In Japan, perospirone is employed as an atypical antipsychotic drug that exerts strong antagonistic activities against the serotonergic-2 (5-HT2) receptor, D2 receptor, and histamine-1 receptor. 1 These antagonistic activities are understood to occur in the chemoreceptor trigger zone and vomiting center as well, making it an antiemetic agent. 2 Its strong antagonistic effect as 5-HT2 receptor also causes lower risk of EPS. 3 Moreover, perospirone can be given to diabetic patients, despite the fact that some atypical antipsychotics are contraindicated in them. However, there have been few clinical studies not only on its putative antiemetic action but also on its antiemetic effectiveness for opioid-induced nausea.

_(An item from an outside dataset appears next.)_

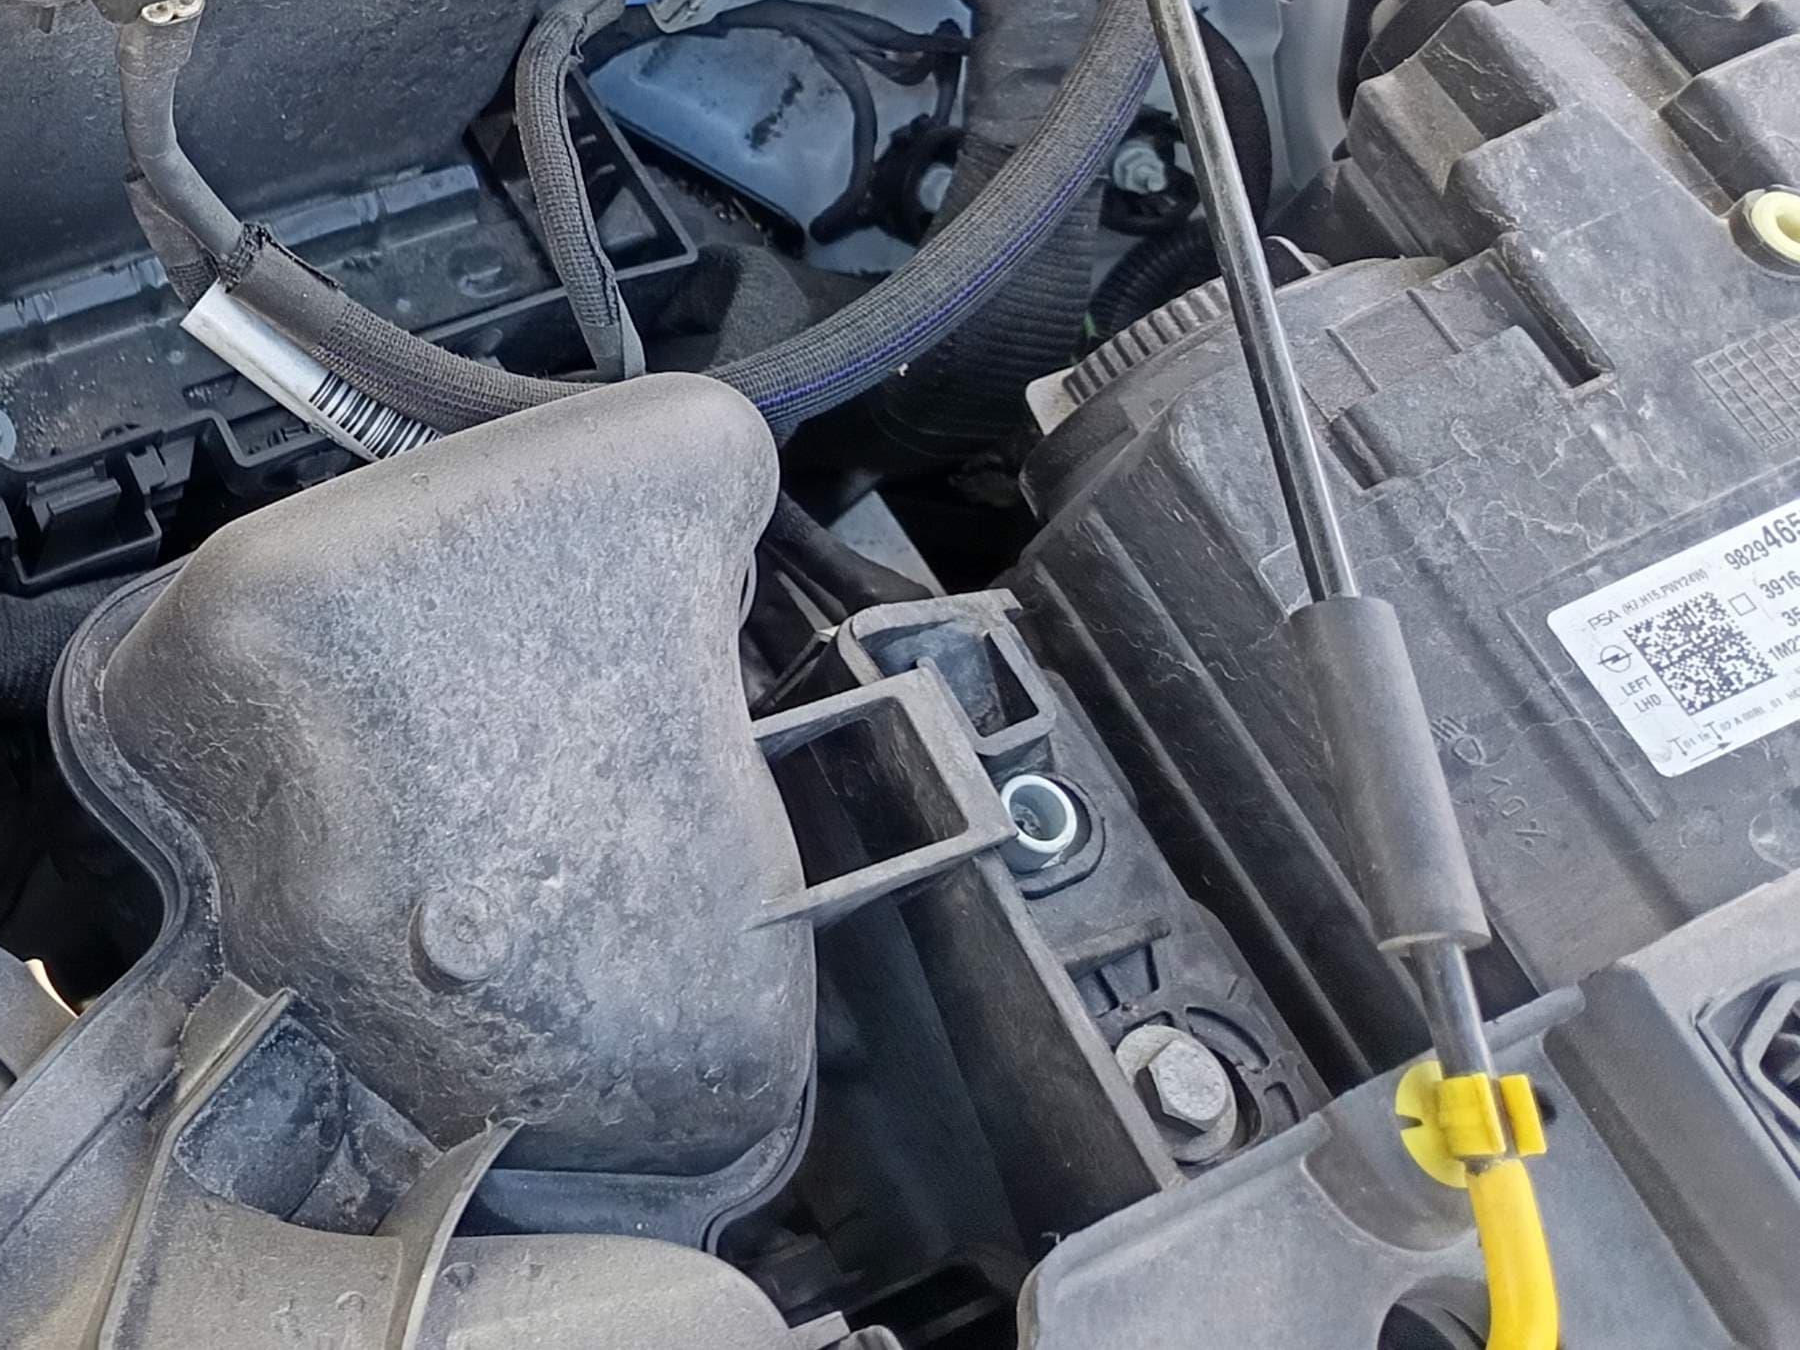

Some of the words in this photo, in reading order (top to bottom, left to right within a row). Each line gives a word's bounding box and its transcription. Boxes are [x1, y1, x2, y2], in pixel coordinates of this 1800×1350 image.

[1759, 570, 1800, 601] 3916
[1587, 609, 1621, 632] PSA
[1620, 675, 1652, 697] LEFT
[1633, 694, 1663, 714] LHD

In our present study we conducted a retrospective chart review of opioid-naïve patients with advanced cancer who received perospirone as antiemetic against opioid-induced nausea from April 2012 to July 2013. They started on an opioid and subsequently developed nausea within 48 hours. We strictly excluded those patients developing nausea from other causes (chemotherapy, radiotherapy, nephropathy, hypercalcemia, intracranial lesion, and gastrointestinal dysfunction). Effectiveness was evaluated as follows: complete response (CR) defined as total elimination of nausea; partial response as a reduction in the severity of nausea or transient disappearance of nausea (with recurrence within four hours of the initial dosing); and no response shown as a lack of any change in the nausea.

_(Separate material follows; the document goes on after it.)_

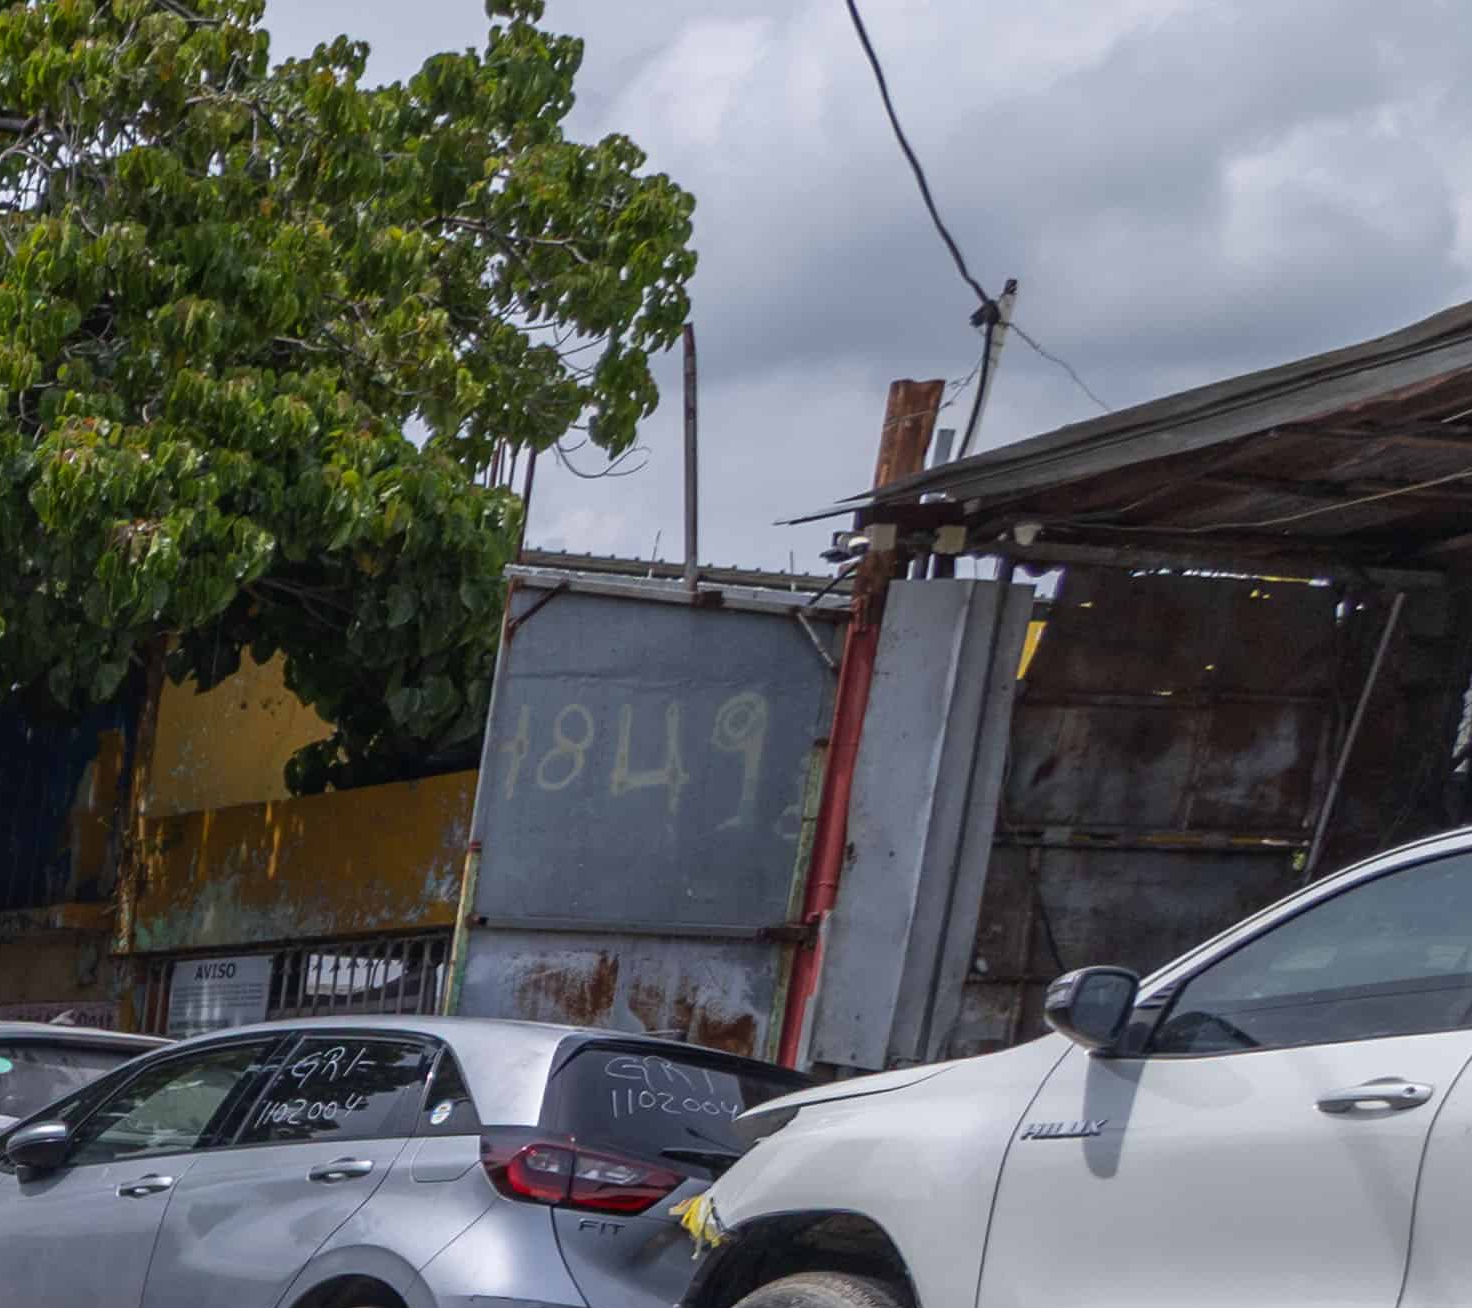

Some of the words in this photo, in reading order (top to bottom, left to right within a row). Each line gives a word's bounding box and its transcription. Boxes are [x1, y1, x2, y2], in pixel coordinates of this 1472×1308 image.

[497, 691, 769, 832] 1849
[193, 962, 236, 982] AVISO
[1020, 1119, 1109, 1140] HILUX
[578, 1219, 626, 1237] FIT

All these patients (n = 5) revealed a CR to perospirone without any adverse effects (see Table 1). Two of them started on morphine (20 mg/day and 40 mg/day) and three started on oxycodone (dosage range 10–20 mg/day). Conventional antiemetic agents given before the initial dose of perospirone had resulted in no or partial antiemetic responses. The effective dose for a single administration was 4 mg (n = 4) or 8 mg (n = 1). One patient was administered three doses a day regularly. Four patients had the antiemetic effectiveness and did not require any more perospirone for at least 24 hours, although it is defined as short acting (e.g., Tmax: 1.4–2.3 h; t1/2α: 1.0–3.0 h; t1/2β: 5.0–8.0 h). 1 There were no adverse events, including EPS.
CR, complete antiemetic response defined as total elimination of nausea; FA, former antiemetics; MOR, controlled-release morphine; NR, no response, defined as a lack of any change in the nausea; OXC, controlled-release oxycodone; PR, partial response, defined as a reduction in the severity of nausea or transient disappearance of nausea with 4 hours of the initial dosing.

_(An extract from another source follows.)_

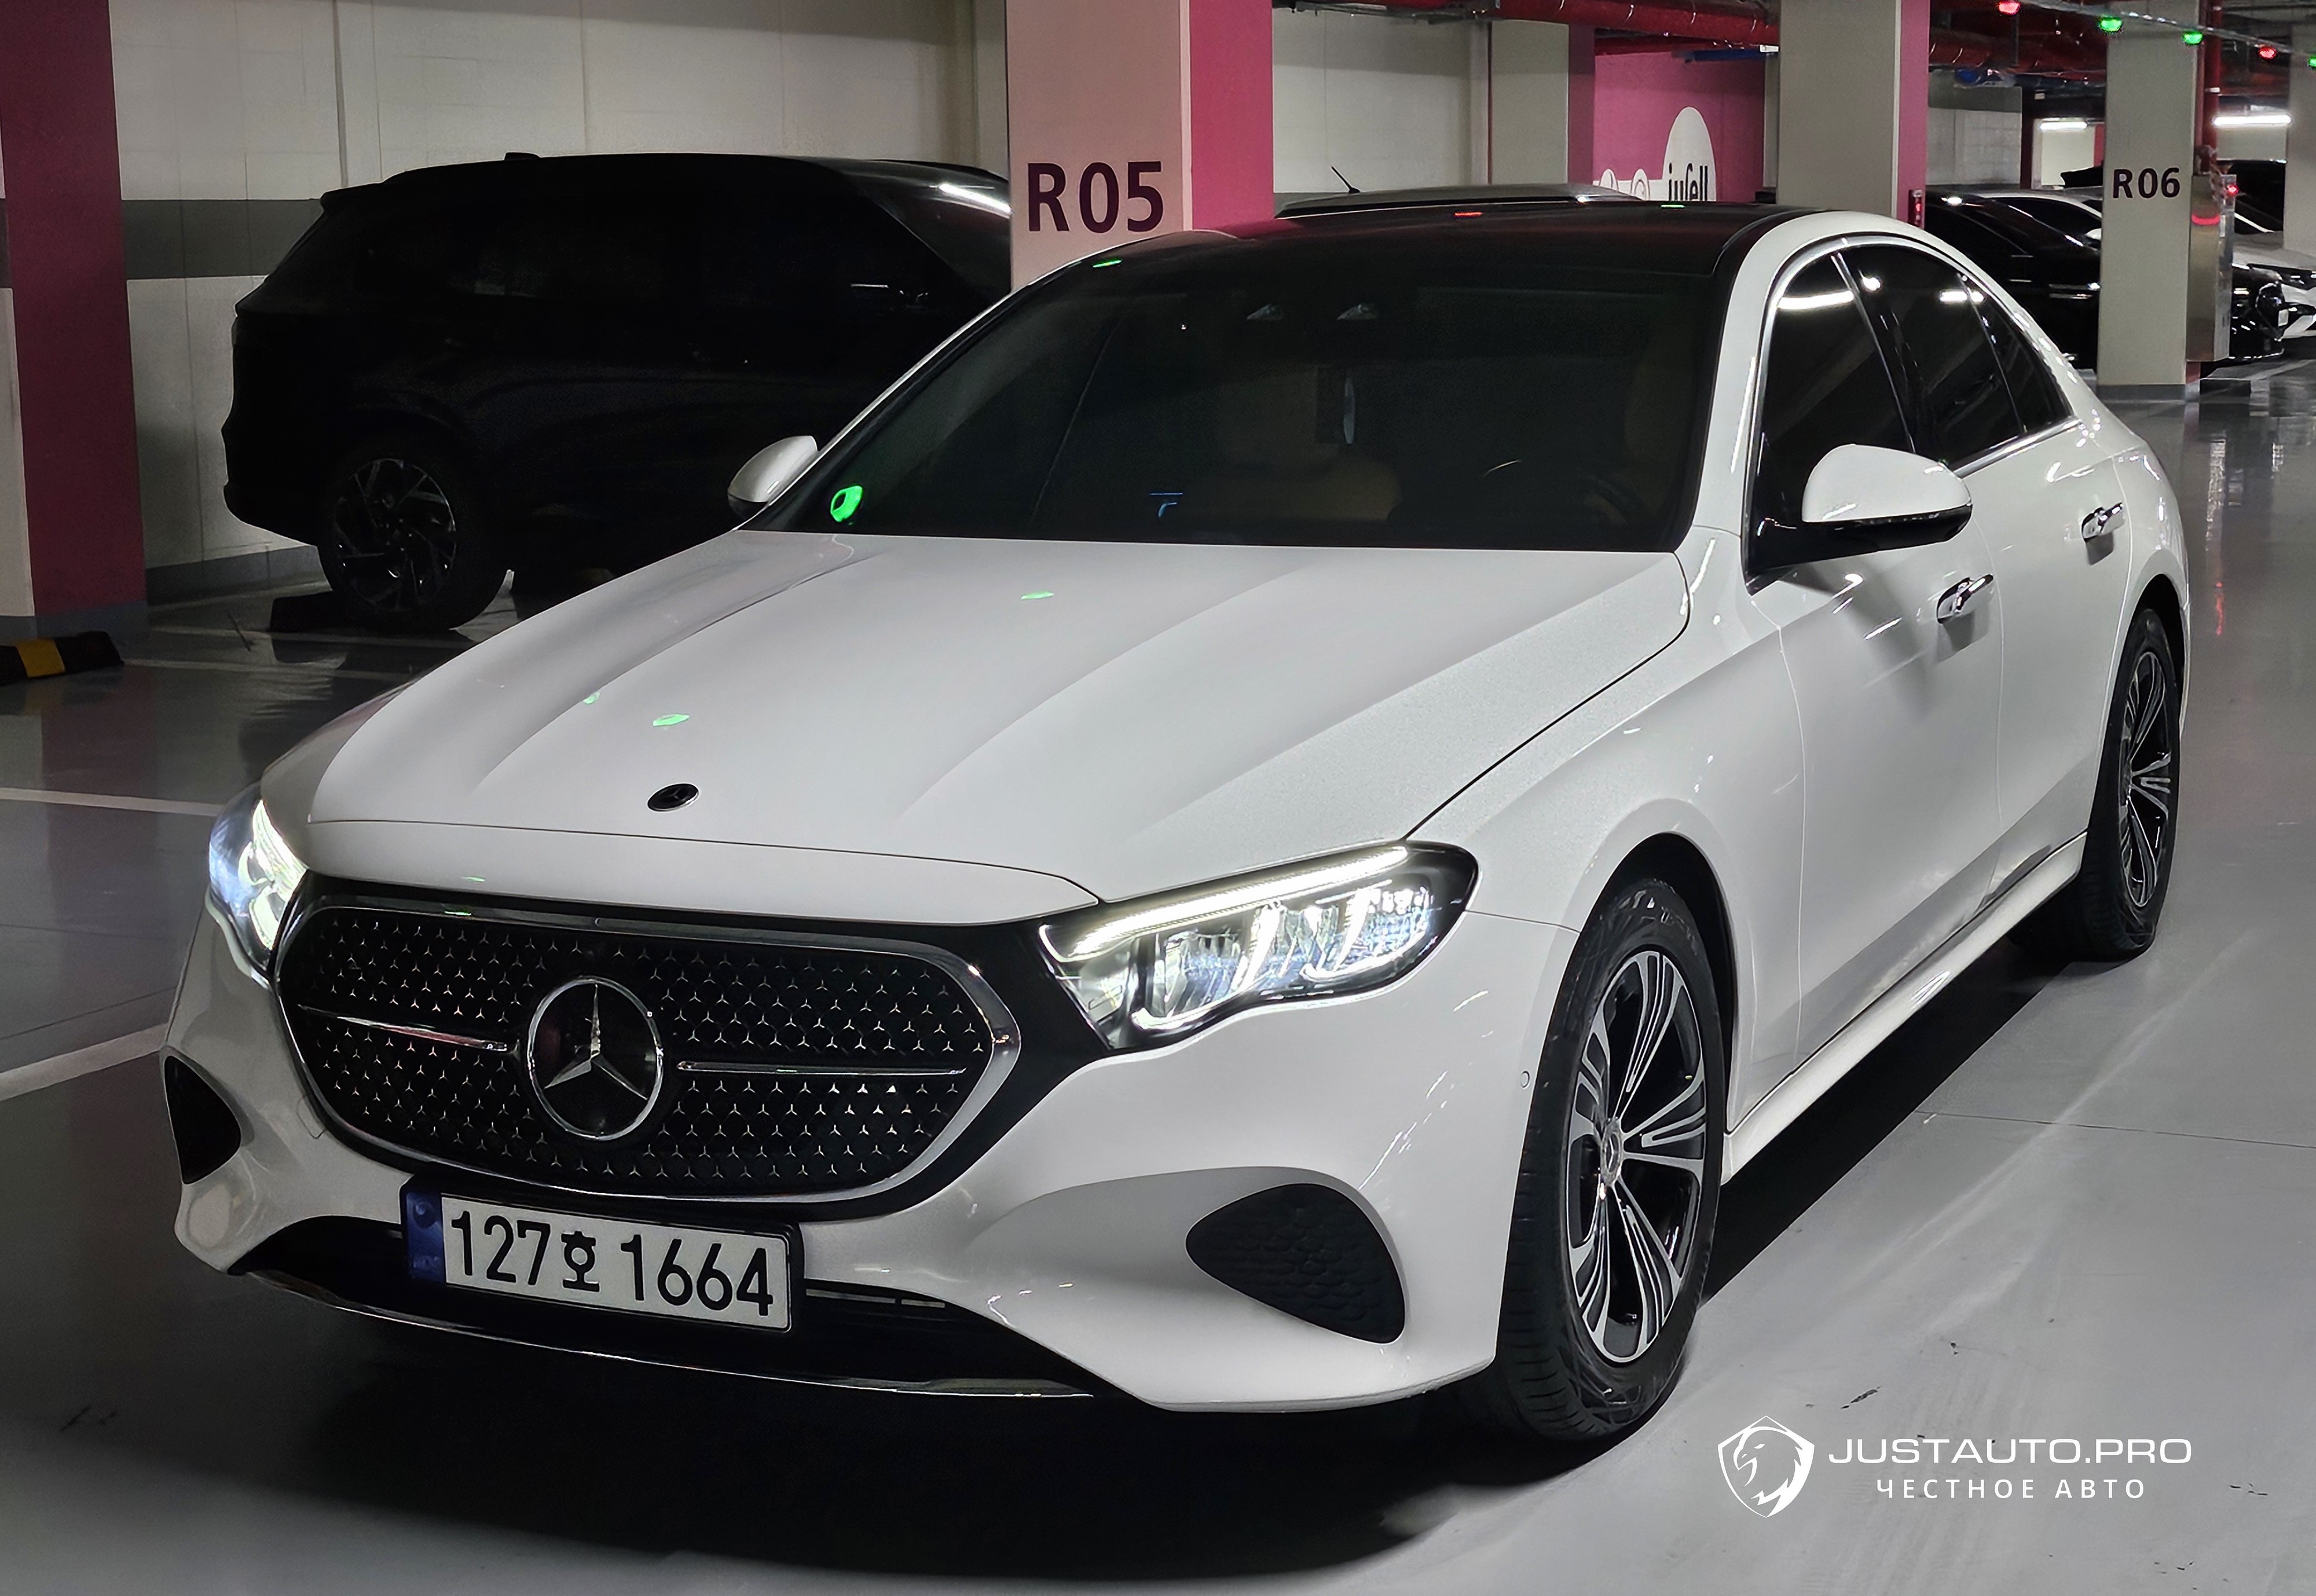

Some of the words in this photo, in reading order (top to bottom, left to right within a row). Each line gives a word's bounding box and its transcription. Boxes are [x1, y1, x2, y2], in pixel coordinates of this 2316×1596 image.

[1027, 160, 1164, 233] R05
[2113, 167, 2181, 199] R06
[451, 1210, 600, 1293] 127호
[620, 1234, 774, 1316] 1664

In our strictly conducted retrospective study, we first found that perospirone has antiemetic effectiveness against opioid-induced nausea in opioid-naïve patients. Nevertheless, the present study has some limitations due to its small number of subjects, retrospective design, and availability of perospirone only in Japan. Further studies can be designed as a prospective trial using a much larger number of patients to confirm this antiemetic effectiveness and the optimal dosage, which suggests its availability in other countries as well.